◆ **Instructions to follow**
Your copy should match the listing word for word, apart from the pictures, which are left out.
-*-*-
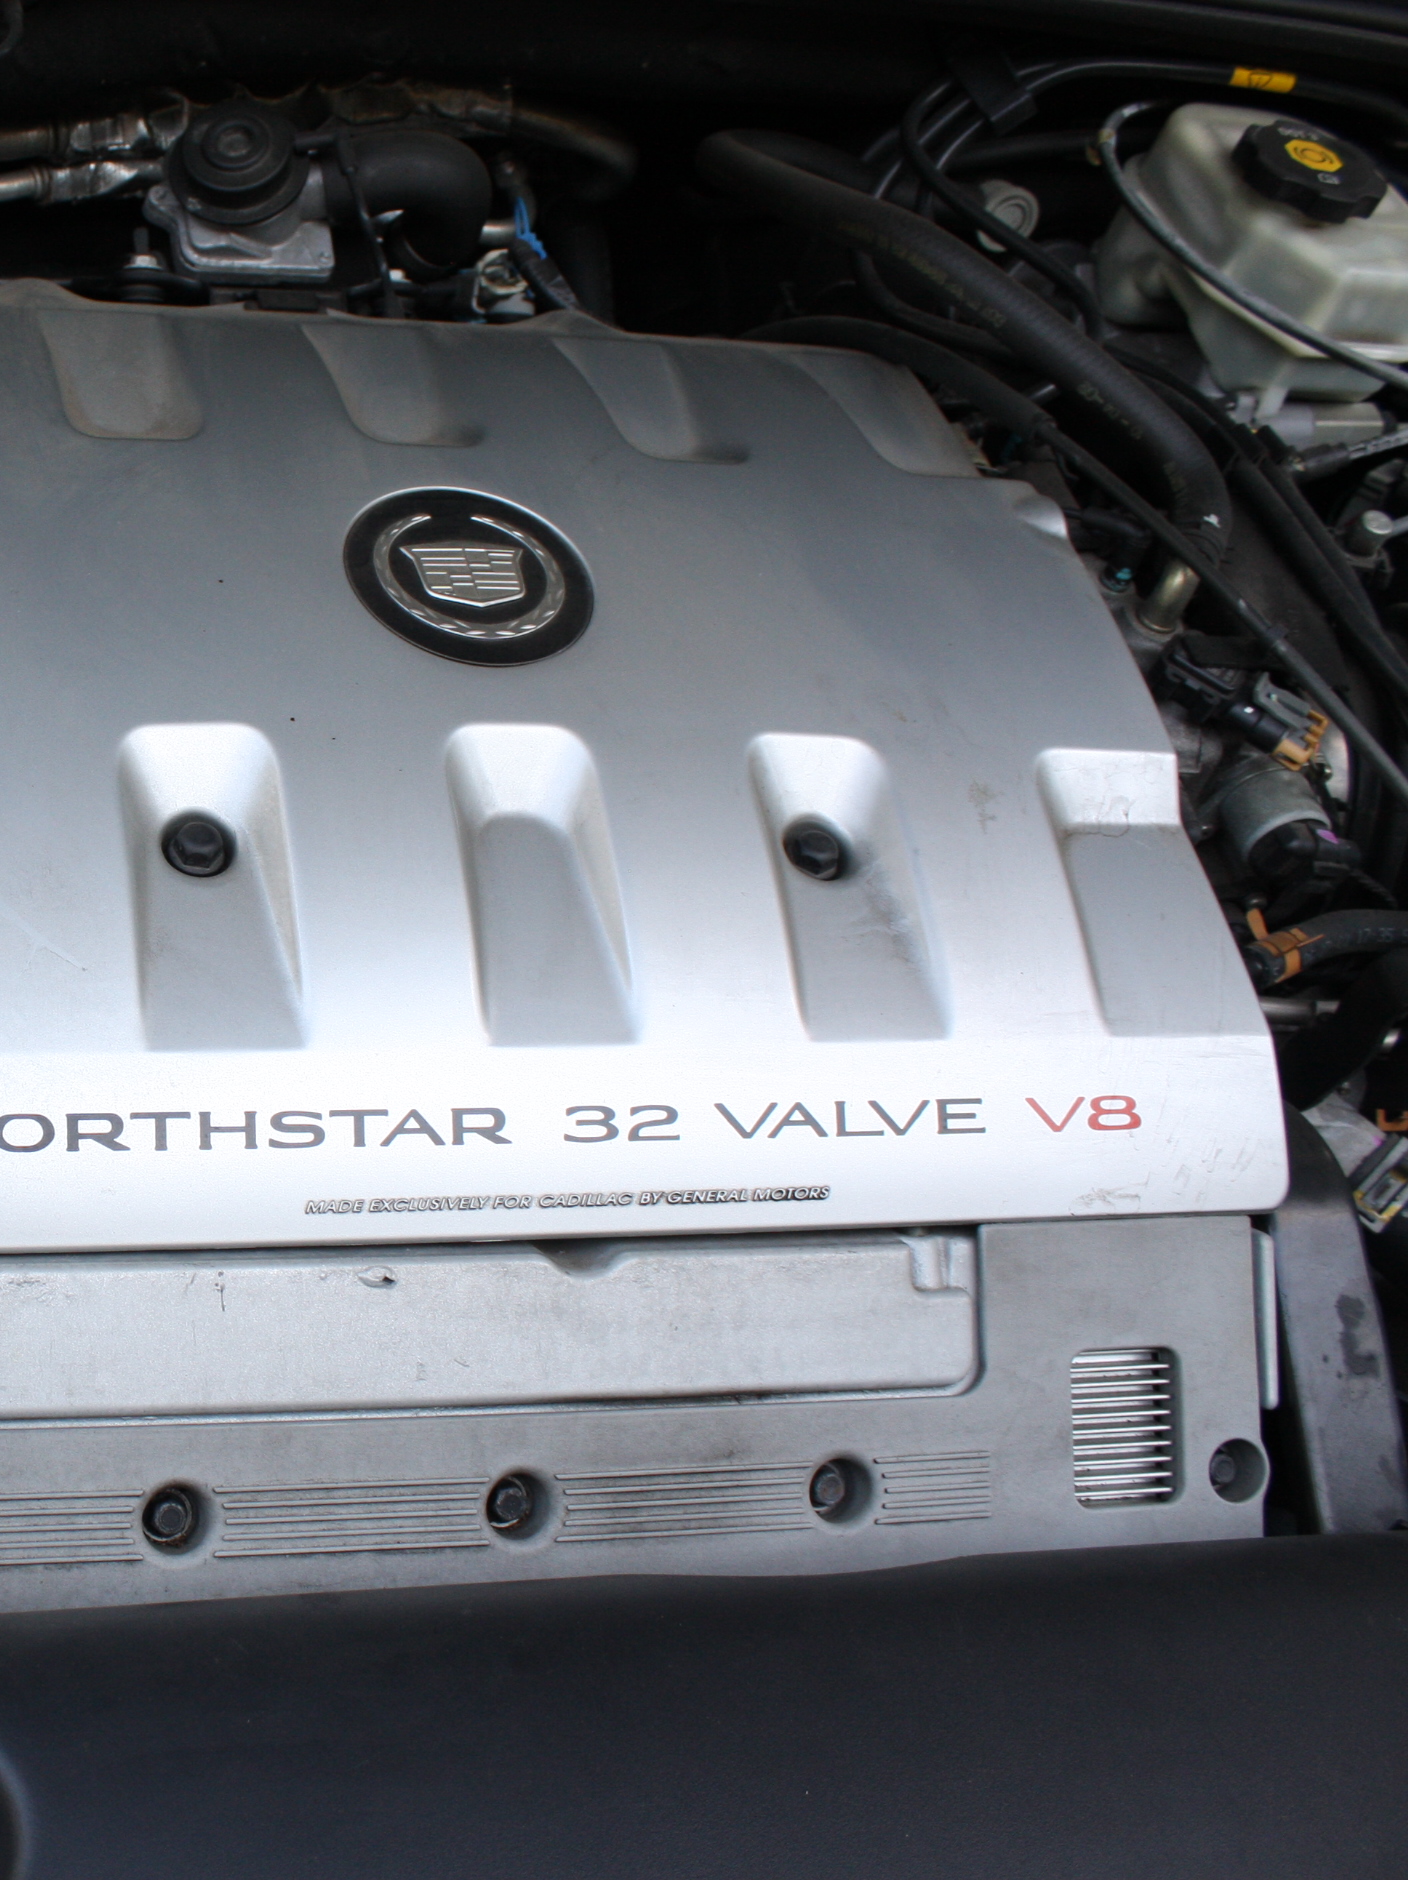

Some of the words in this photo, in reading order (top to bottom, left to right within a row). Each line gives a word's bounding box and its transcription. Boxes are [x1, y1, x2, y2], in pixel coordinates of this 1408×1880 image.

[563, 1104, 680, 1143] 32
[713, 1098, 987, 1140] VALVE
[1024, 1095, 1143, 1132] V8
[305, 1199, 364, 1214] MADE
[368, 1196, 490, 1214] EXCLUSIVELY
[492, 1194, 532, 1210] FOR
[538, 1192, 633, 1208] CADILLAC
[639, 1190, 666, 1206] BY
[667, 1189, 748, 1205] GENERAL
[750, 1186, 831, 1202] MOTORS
-*-*-
◆ **Solution for this problem**
Some of the words in this photo, in reading order (top to bottom, left to right within a row). Each line gives a word's bounding box and its transcription. Boxes are [x1, y1, x2, y2], in pixel coordinates of this 1408×1880 image.

[563, 1104, 680, 1143] 32
[713, 1098, 987, 1140] VALVE
[1024, 1095, 1143, 1132] V8
[305, 1199, 364, 1214] MADE
[368, 1196, 490, 1214] EXCLUSIVELY
[492, 1194, 532, 1210] FOR
[538, 1192, 633, 1208] CADILLAC
[639, 1190, 666, 1206] BY
[667, 1189, 748, 1205] GENERAL
[750, 1186, 831, 1202] MOTORS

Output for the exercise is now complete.